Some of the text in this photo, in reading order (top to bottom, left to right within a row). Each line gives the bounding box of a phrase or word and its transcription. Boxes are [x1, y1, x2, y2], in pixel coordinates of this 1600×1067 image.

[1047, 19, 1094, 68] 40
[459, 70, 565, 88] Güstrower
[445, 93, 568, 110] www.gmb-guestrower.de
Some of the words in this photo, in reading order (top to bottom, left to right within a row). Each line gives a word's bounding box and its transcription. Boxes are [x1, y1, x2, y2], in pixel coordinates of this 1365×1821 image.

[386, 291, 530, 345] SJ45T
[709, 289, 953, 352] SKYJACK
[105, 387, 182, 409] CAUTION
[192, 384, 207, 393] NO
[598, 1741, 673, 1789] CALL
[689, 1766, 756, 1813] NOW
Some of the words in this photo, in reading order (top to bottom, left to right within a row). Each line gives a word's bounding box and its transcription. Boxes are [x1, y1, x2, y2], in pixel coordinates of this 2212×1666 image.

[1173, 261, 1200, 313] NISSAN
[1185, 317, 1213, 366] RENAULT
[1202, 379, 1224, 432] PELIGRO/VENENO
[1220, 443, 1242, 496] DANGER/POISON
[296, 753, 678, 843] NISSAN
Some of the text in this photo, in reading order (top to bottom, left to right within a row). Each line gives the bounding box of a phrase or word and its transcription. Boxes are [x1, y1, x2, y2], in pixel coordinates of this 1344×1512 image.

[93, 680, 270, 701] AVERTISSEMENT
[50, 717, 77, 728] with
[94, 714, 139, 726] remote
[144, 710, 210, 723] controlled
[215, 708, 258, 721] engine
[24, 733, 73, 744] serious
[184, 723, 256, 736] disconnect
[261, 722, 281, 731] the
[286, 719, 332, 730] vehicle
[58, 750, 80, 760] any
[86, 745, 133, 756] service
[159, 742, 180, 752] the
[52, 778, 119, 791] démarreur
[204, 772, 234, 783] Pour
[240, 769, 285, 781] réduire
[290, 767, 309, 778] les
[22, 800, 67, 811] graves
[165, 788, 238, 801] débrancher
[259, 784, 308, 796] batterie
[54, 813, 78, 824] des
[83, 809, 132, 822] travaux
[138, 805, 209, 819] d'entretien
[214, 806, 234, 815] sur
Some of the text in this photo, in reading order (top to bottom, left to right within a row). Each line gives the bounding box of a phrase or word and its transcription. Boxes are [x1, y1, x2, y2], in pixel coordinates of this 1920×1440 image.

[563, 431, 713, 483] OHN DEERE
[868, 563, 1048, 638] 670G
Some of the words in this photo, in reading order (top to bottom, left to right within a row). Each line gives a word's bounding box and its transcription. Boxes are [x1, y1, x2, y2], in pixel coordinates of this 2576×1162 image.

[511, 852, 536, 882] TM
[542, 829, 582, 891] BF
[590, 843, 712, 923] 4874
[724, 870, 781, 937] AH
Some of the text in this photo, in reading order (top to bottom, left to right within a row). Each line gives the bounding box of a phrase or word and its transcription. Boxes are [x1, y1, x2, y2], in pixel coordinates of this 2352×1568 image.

[What the task requires]:
Return the listing in full, exactly.

[Solution to the exercise]:
Some of the text in this photo, in reading order (top to bottom, left to right within a row). Each line gives the bounding box of a phrase or word and its transcription. Boxes are [x1, y1, x2, y2], in pixel coordinates of this 1600×1067 image.

[1047, 19, 1094, 68] 40
[459, 70, 565, 88] Güstrower
[445, 93, 568, 110] www.gmb-guestrower.de
Some of the words in this photo, in reading order (top to bottom, left to right within a row). Each line gives a word's bounding box and its transcription. Boxes are [x1, y1, x2, y2], in pixel coordinates of this 1365×1821 image.

[386, 291, 530, 345] SJ45T
[709, 289, 953, 352] SKYJACK
[105, 387, 182, 409] CAUTION
[192, 384, 207, 393] NO
[598, 1741, 673, 1789] CALL
[689, 1766, 756, 1813] NOW
Some of the words in this photo, in reading order (top to bottom, left to right within a row). Each line gives a word's bounding box and its transcription. Boxes are [x1, y1, x2, y2], in pixel coordinates of this 2212×1666 image.

[1173, 261, 1200, 313] NISSAN
[1185, 317, 1213, 366] RENAULT
[1202, 379, 1224, 432] PELIGRO/VENENO
[1220, 443, 1242, 496] DANGER/POISON
[296, 753, 678, 843] NISSAN
Some of the text in this photo, in reading order (top to bottom, left to right within a row). Each line gives the bounding box of a phrase or word and its transcription. Boxes are [x1, y1, x2, y2], in pixel coordinates of this 1344×1512 image.

[93, 680, 270, 701] AVERTISSEMENT
[50, 717, 77, 728] with
[94, 714, 139, 726] remote
[144, 710, 210, 723] controlled
[215, 708, 258, 721] engine
[24, 733, 73, 744] serious
[184, 723, 256, 736] disconnect
[261, 722, 281, 731] the
[286, 719, 332, 730] vehicle
[58, 750, 80, 760] any
[86, 745, 133, 756] service
[159, 742, 180, 752] the
[52, 778, 119, 791] démarreur
[204, 772, 234, 783] Pour
[240, 769, 285, 781] réduire
[290, 767, 309, 778] les
[22, 800, 67, 811] graves
[165, 788, 238, 801] débrancher
[259, 784, 308, 796] batterie
[54, 813, 78, 824] des
[83, 809, 132, 822] travaux
[138, 805, 209, 819] d'entretien
[214, 806, 234, 815] sur
Some of the text in this photo, in reading order (top to bottom, left to right within a row). Each line gives the bounding box of a phrase or word and its transcription. Boxes are [x1, y1, x2, y2], in pixel coordinates of this 1920×1440 image.

[563, 431, 713, 483] OHN DEERE
[868, 563, 1048, 638] 670G
Some of the words in this photo, in reading order (top to bottom, left to right within a row). Each line gives a word's bounding box and its transcription. Boxes are [x1, y1, x2, y2], in pixel coordinates of this 2576×1162 image.

[511, 852, 536, 882] TM
[542, 829, 582, 891] BF
[590, 843, 712, 923] 4874
[724, 870, 781, 937] AH
Some of the text in this photo, in reading order (top to bottom, left to right within a row). Each line gives the bounding box of a phrase or word and its transcription. Boxes are [x1, y1, x2, y2], in pixel coordinates of this 2352×1568 image.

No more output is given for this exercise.